WSZYSTKO O WALCE PACQUIAO vs THURMAN >>>
- (...) Walka z Josesito Lopezem pozwoliła Keithowi na odzyskanie timingu. Shawn Porter wywiera natomiast dużą presję i kiedy porówna się walkę Thurmana z Porterem do tego, co Keith pokazał w ringu z Lopezem, widać, jak wszechstrony jest boks ''One Time''. Wielu ludzi tego nie rozumie. Manny może zranić każdego rywala, zadaje wiele mocnych ciosów na korpus. Ale Keith jest teraz w formie. Jeżeli będzie dyktował rytm doskoków i odskoków Pacquiao, to może wygrać - dodaje ''Winky'', były mistrz świata wagi junior średniej.

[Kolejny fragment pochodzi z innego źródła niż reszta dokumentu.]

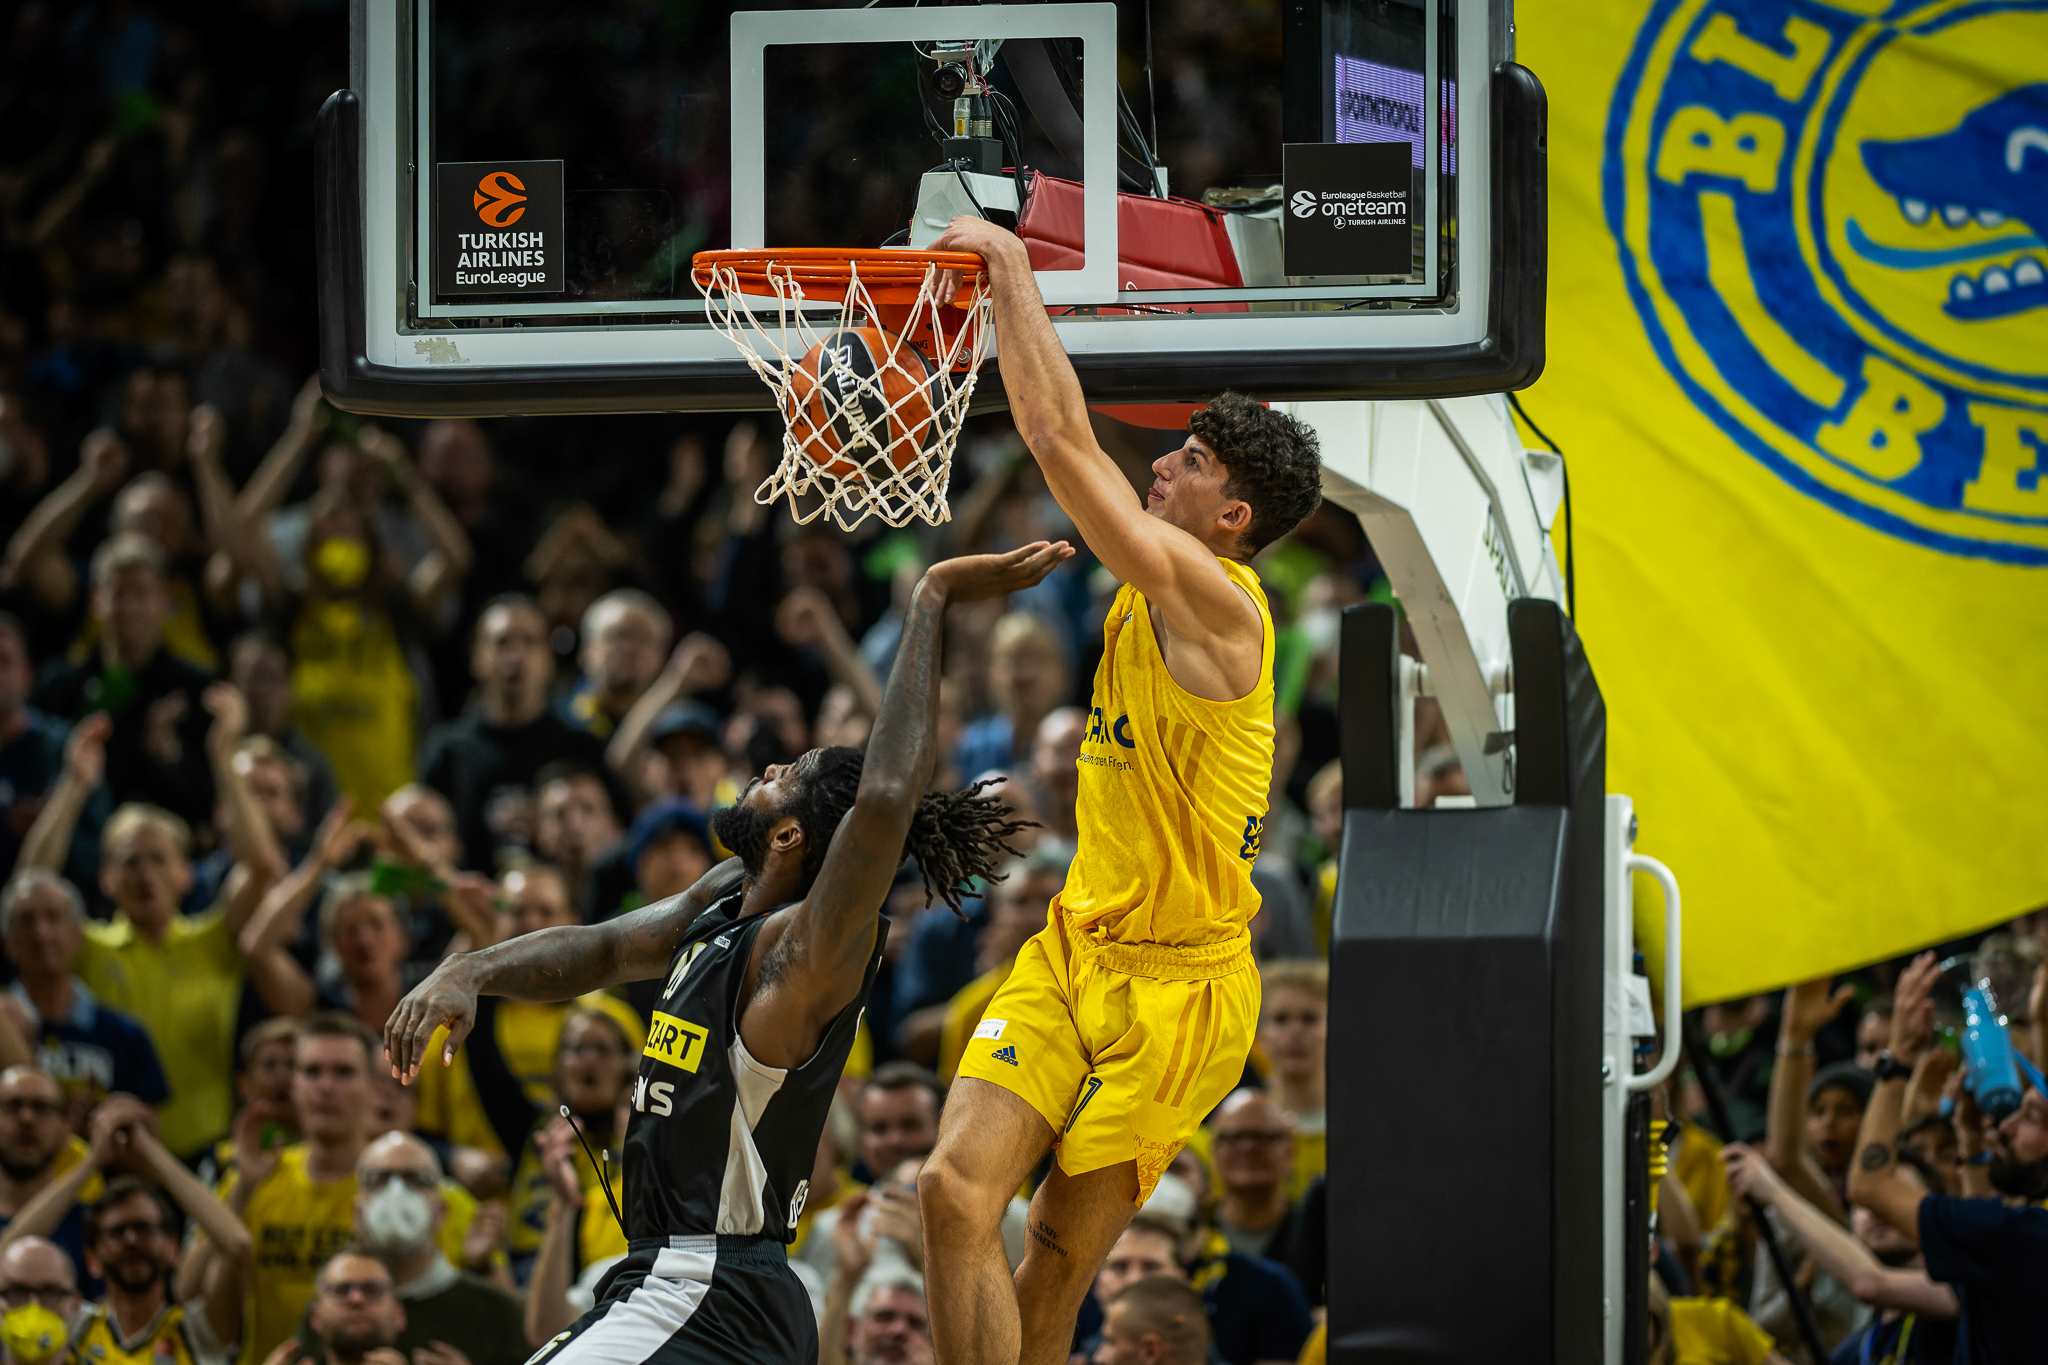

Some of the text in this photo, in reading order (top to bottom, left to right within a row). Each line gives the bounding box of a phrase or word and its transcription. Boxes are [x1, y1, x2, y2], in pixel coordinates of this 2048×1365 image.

[1321, 190, 1407, 201] Euroleague Basketball
[1321, 199, 1406, 216] oneteam
[458, 231, 543, 249] TURKISH
[457, 250, 545, 268] AIRLINES
[455, 270, 546, 287] EuroLeague
[991, 1052, 1019, 1067] adidas
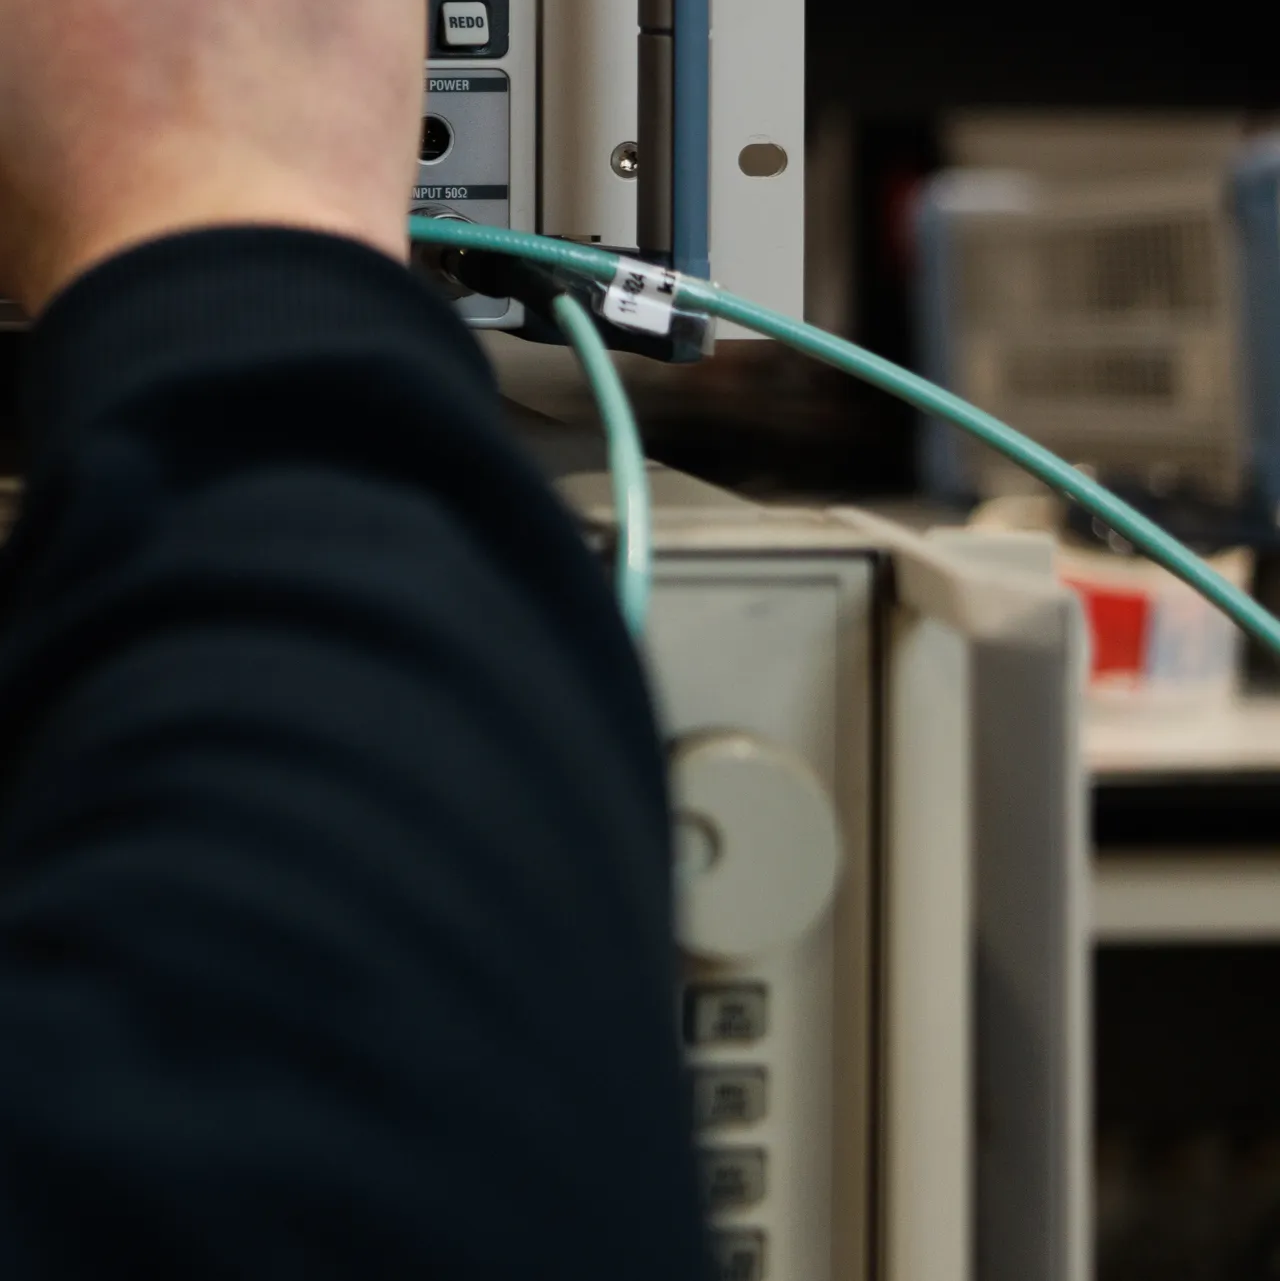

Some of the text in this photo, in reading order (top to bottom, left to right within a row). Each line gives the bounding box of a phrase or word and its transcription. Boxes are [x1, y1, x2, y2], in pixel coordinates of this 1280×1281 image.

[449, 16, 484, 28] REDO
[430, 80, 470, 91] POWER
[413, 187, 468, 199] NPUT 50Ω

- Keith Thurman wierzy, że zniszczy Pacquiao w ciągu trzech rund. Myślę, że od razu dociśnie pedał gazu i będzie chciał naprawdę szybko opdrawić Manny'ego przed czasem. Walka dwóch pokoleń to tradycja boksu. Zawsze pojawia się gość, który zabiera władzę legendzie, a czołową legendą boksu po odejściu Floyda Mayweathera jest Manny Pacquiao - podsumowuje temat Porter, obecny mistrz WBC wagi półśredniej, który w 2016 roku nieznacznie przegrał z Thurmanem po bardzo zaciętej walce.